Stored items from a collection
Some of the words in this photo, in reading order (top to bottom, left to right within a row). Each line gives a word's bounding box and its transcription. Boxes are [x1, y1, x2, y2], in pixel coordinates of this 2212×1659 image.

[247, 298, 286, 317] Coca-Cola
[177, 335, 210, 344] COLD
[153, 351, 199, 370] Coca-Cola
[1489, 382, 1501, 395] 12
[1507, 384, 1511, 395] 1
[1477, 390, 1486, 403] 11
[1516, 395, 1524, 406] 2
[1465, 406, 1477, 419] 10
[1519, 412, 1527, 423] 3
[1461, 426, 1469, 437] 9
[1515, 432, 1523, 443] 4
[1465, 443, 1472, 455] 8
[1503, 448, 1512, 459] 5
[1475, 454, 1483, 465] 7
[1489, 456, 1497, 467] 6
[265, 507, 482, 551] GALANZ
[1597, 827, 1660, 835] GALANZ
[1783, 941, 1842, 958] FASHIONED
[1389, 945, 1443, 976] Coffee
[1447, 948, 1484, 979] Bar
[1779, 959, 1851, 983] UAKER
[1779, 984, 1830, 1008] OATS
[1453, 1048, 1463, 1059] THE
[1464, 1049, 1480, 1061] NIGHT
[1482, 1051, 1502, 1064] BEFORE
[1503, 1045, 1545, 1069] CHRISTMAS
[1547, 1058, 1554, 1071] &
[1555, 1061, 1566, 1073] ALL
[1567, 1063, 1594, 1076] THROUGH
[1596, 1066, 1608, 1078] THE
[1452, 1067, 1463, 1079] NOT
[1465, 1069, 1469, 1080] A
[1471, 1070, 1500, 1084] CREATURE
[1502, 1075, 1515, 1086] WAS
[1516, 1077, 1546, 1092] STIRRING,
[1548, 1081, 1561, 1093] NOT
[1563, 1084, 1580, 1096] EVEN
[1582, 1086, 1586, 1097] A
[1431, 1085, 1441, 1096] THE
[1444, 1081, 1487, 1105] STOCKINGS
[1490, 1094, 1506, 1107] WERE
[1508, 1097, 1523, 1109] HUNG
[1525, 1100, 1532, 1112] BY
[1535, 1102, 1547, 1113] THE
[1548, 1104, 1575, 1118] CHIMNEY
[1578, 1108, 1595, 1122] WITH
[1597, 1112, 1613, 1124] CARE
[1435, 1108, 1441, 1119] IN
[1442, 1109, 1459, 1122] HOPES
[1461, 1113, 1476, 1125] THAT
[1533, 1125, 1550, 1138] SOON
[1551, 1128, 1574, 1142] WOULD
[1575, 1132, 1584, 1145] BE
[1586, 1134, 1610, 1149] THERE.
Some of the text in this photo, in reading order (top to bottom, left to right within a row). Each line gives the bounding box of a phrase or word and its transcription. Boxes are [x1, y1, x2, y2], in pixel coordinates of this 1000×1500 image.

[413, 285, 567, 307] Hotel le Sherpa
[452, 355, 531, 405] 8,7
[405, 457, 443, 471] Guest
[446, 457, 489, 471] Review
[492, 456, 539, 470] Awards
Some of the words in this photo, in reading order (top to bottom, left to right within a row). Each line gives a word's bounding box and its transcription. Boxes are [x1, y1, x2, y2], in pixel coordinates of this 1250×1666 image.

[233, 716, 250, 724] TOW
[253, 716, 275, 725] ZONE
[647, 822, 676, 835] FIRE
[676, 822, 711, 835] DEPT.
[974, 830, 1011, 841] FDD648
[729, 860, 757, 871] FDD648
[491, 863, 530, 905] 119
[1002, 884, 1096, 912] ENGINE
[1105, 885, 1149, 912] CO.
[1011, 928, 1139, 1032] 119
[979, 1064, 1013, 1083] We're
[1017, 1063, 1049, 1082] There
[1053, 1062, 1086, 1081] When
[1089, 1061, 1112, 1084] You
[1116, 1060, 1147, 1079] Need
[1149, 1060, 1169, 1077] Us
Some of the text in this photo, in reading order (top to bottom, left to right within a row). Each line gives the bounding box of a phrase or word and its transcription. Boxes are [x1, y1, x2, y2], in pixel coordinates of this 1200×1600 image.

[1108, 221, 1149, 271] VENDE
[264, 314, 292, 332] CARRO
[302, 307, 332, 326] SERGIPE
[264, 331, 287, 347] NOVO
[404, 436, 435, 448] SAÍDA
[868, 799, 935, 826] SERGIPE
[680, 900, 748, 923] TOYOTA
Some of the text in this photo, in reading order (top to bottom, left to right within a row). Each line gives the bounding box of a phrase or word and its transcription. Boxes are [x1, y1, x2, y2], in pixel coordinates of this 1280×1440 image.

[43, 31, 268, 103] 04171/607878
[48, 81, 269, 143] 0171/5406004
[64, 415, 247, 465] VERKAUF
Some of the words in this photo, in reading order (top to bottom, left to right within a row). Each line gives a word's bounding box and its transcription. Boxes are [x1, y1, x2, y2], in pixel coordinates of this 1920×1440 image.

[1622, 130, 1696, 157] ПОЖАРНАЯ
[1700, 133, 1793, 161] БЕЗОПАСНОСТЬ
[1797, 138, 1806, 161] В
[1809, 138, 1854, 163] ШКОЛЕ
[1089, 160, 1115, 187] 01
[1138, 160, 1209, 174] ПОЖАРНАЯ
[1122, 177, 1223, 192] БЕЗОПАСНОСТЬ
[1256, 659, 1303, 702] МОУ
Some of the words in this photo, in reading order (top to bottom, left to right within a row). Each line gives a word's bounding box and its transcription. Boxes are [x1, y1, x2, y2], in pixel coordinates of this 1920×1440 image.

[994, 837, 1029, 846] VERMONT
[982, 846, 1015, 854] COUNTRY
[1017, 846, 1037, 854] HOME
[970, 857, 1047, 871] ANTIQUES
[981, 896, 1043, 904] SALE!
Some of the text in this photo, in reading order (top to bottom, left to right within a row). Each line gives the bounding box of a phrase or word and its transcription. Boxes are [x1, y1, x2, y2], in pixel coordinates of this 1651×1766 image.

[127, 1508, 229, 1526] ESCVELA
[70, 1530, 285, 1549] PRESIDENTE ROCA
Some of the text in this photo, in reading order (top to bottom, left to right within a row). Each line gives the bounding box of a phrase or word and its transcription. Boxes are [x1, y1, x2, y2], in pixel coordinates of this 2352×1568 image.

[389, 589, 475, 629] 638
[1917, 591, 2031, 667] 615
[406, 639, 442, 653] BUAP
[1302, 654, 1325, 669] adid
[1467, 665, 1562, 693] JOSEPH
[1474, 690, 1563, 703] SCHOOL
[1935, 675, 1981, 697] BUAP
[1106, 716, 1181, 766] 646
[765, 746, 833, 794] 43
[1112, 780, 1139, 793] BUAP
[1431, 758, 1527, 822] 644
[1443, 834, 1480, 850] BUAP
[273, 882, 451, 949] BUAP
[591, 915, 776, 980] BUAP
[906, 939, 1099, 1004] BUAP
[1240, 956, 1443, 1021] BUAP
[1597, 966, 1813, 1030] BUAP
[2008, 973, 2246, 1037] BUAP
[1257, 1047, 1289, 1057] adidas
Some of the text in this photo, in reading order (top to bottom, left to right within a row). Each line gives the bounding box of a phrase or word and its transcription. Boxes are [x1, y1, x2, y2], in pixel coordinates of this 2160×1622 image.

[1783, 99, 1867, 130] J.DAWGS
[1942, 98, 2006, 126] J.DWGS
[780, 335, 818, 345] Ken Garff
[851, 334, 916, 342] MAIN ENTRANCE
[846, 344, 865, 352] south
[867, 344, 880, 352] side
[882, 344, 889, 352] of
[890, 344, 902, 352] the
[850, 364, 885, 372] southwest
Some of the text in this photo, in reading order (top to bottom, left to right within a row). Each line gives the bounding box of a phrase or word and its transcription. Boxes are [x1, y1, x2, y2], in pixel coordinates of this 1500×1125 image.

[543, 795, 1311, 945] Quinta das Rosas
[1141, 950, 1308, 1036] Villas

• _WHAT YOU ARE ASKED TO DO_
Restate the full data above, keeping each word intact.

• _ANSWER SECTION_
Some of the words in this photo, in reading order (top to bottom, left to right within a row). Each line gives a word's bounding box and its transcription. Boxes are [x1, y1, x2, y2], in pixel coordinates of this 2212×1659 image.

[247, 298, 286, 317] Coca-Cola
[177, 335, 210, 344] COLD
[153, 351, 199, 370] Coca-Cola
[1489, 382, 1501, 395] 12
[1507, 384, 1511, 395] 1
[1477, 390, 1486, 403] 11
[1516, 395, 1524, 406] 2
[1465, 406, 1477, 419] 10
[1519, 412, 1527, 423] 3
[1461, 426, 1469, 437] 9
[1515, 432, 1523, 443] 4
[1465, 443, 1472, 455] 8
[1503, 448, 1512, 459] 5
[1475, 454, 1483, 465] 7
[1489, 456, 1497, 467] 6
[265, 507, 482, 551] GALANZ
[1597, 827, 1660, 835] GALANZ
[1783, 941, 1842, 958] FASHIONED
[1389, 945, 1443, 976] Coffee
[1447, 948, 1484, 979] Bar
[1779, 959, 1851, 983] UAKER
[1779, 984, 1830, 1008] OATS
[1453, 1048, 1463, 1059] THE
[1464, 1049, 1480, 1061] NIGHT
[1482, 1051, 1502, 1064] BEFORE
[1503, 1045, 1545, 1069] CHRISTMAS
[1547, 1058, 1554, 1071] &
[1555, 1061, 1566, 1073] ALL
[1567, 1063, 1594, 1076] THROUGH
[1596, 1066, 1608, 1078] THE
[1452, 1067, 1463, 1079] NOT
[1465, 1069, 1469, 1080] A
[1471, 1070, 1500, 1084] CREATURE
[1502, 1075, 1515, 1086] WAS
[1516, 1077, 1546, 1092] STIRRING,
[1548, 1081, 1561, 1093] NOT
[1563, 1084, 1580, 1096] EVEN
[1582, 1086, 1586, 1097] A
[1431, 1085, 1441, 1096] THE
[1444, 1081, 1487, 1105] STOCKINGS
[1490, 1094, 1506, 1107] WERE
[1508, 1097, 1523, 1109] HUNG
[1525, 1100, 1532, 1112] BY
[1535, 1102, 1547, 1113] THE
[1548, 1104, 1575, 1118] CHIMNEY
[1578, 1108, 1595, 1122] WITH
[1597, 1112, 1613, 1124] CARE
[1435, 1108, 1441, 1119] IN
[1442, 1109, 1459, 1122] HOPES
[1461, 1113, 1476, 1125] THAT
[1533, 1125, 1550, 1138] SOON
[1551, 1128, 1574, 1142] WOULD
[1575, 1132, 1584, 1145] BE
[1586, 1134, 1610, 1149] THERE.
Some of the text in this photo, in reading order (top to bottom, left to right within a row). Each line gives the bounding box of a phrase or word and its transcription. Boxes are [x1, y1, x2, y2], in pixel coordinates of this 1000×1500 image.

[413, 285, 567, 307] Hotel le Sherpa
[452, 355, 531, 405] 8,7
[405, 457, 443, 471] Guest
[446, 457, 489, 471] Review
[492, 456, 539, 470] Awards
Some of the words in this photo, in reading order (top to bottom, left to right within a row). Each line gives a word's bounding box and its transcription. Boxes are [x1, y1, x2, y2], in pixel coordinates of this 1250×1666 image.

[233, 716, 250, 724] TOW
[253, 716, 275, 725] ZONE
[647, 822, 676, 835] FIRE
[676, 822, 711, 835] DEPT.
[974, 830, 1011, 841] FDD648
[729, 860, 757, 871] FDD648
[491, 863, 530, 905] 119
[1002, 884, 1096, 912] ENGINE
[1105, 885, 1149, 912] CO.
[1011, 928, 1139, 1032] 119
[979, 1064, 1013, 1083] We're
[1017, 1063, 1049, 1082] There
[1053, 1062, 1086, 1081] When
[1089, 1061, 1112, 1084] You
[1116, 1060, 1147, 1079] Need
[1149, 1060, 1169, 1077] Us
Some of the text in this photo, in reading order (top to bottom, left to right within a row). Each line gives the bounding box of a phrase or word and its transcription. Boxes are [x1, y1, x2, y2], in pixel coordinates of this 1200×1600 image.

[1108, 221, 1149, 271] VENDE
[264, 314, 292, 332] CARRO
[302, 307, 332, 326] SERGIPE
[264, 331, 287, 347] NOVO
[404, 436, 435, 448] SAÍDA
[868, 799, 935, 826] SERGIPE
[680, 900, 748, 923] TOYOTA
Some of the text in this photo, in reading order (top to bottom, left to right within a row). Each line gives the bounding box of a phrase or word and its transcription. Boxes are [x1, y1, x2, y2], in pixel coordinates of this 1280×1440 image.

[43, 31, 268, 103] 04171/607878
[48, 81, 269, 143] 0171/5406004
[64, 415, 247, 465] VERKAUF
Some of the words in this photo, in reading order (top to bottom, left to right within a row). Each line gives a word's bounding box and its transcription. Boxes are [x1, y1, x2, y2], in pixel coordinates of this 1920×1440 image.

[1622, 130, 1696, 157] ПОЖАРНАЯ
[1700, 133, 1793, 161] БЕЗОПАСНОСТЬ
[1797, 138, 1806, 161] В
[1809, 138, 1854, 163] ШКОЛЕ
[1089, 160, 1115, 187] 01
[1138, 160, 1209, 174] ПОЖАРНАЯ
[1122, 177, 1223, 192] БЕЗОПАСНОСТЬ
[1256, 659, 1303, 702] МОУ
Some of the words in this photo, in reading order (top to bottom, left to right within a row). Each line gives a word's bounding box and its transcription. Boxes are [x1, y1, x2, y2], in pixel coordinates of this 1920×1440 image.

[994, 837, 1029, 846] VERMONT
[982, 846, 1015, 854] COUNTRY
[1017, 846, 1037, 854] HOME
[970, 857, 1047, 871] ANTIQUES
[981, 896, 1043, 904] SALE!
Some of the text in this photo, in reading order (top to bottom, left to right within a row). Each line gives the bounding box of a phrase or word and its transcription. Boxes are [x1, y1, x2, y2], in pixel coordinates of this 1651×1766 image.

[127, 1508, 229, 1526] ESCVELA
[70, 1530, 285, 1549] PRESIDENTE ROCA
Some of the text in this photo, in reading order (top to bottom, left to right within a row). Each line gives the bounding box of a phrase or word and its transcription. Boxes are [x1, y1, x2, y2], in pixel coordinates of this 2352×1568 image.

[389, 589, 475, 629] 638
[1917, 591, 2031, 667] 615
[406, 639, 442, 653] BUAP
[1302, 654, 1325, 669] adid
[1467, 665, 1562, 693] JOSEPH
[1474, 690, 1563, 703] SCHOOL
[1935, 675, 1981, 697] BUAP
[1106, 716, 1181, 766] 646
[765, 746, 833, 794] 43
[1112, 780, 1139, 793] BUAP
[1431, 758, 1527, 822] 644
[1443, 834, 1480, 850] BUAP
[273, 882, 451, 949] BUAP
[591, 915, 776, 980] BUAP
[906, 939, 1099, 1004] BUAP
[1240, 956, 1443, 1021] BUAP
[1597, 966, 1813, 1030] BUAP
[2008, 973, 2246, 1037] BUAP
[1257, 1047, 1289, 1057] adidas
Some of the text in this photo, in reading order (top to bottom, left to right within a row). Each line gives the bounding box of a phrase or word and its transcription. Boxes are [x1, y1, x2, y2], in pixel coordinates of this 2160×1622 image.

[1783, 99, 1867, 130] J.DAWGS
[1942, 98, 2006, 126] J.DWGS
[780, 335, 818, 345] Ken Garff
[851, 334, 916, 342] MAIN ENTRANCE
[846, 344, 865, 352] south
[867, 344, 880, 352] side
[882, 344, 889, 352] of
[890, 344, 902, 352] the
[850, 364, 885, 372] southwest
Some of the text in this photo, in reading order (top to bottom, left to right within a row). Each line gives the bounding box of a phrase or word and its transcription. Boxes are [x1, y1, x2, y2], in pixel coordinates of this 1500×1125 image.

[543, 795, 1311, 945] Quinta das Rosas
[1141, 950, 1308, 1036] Villas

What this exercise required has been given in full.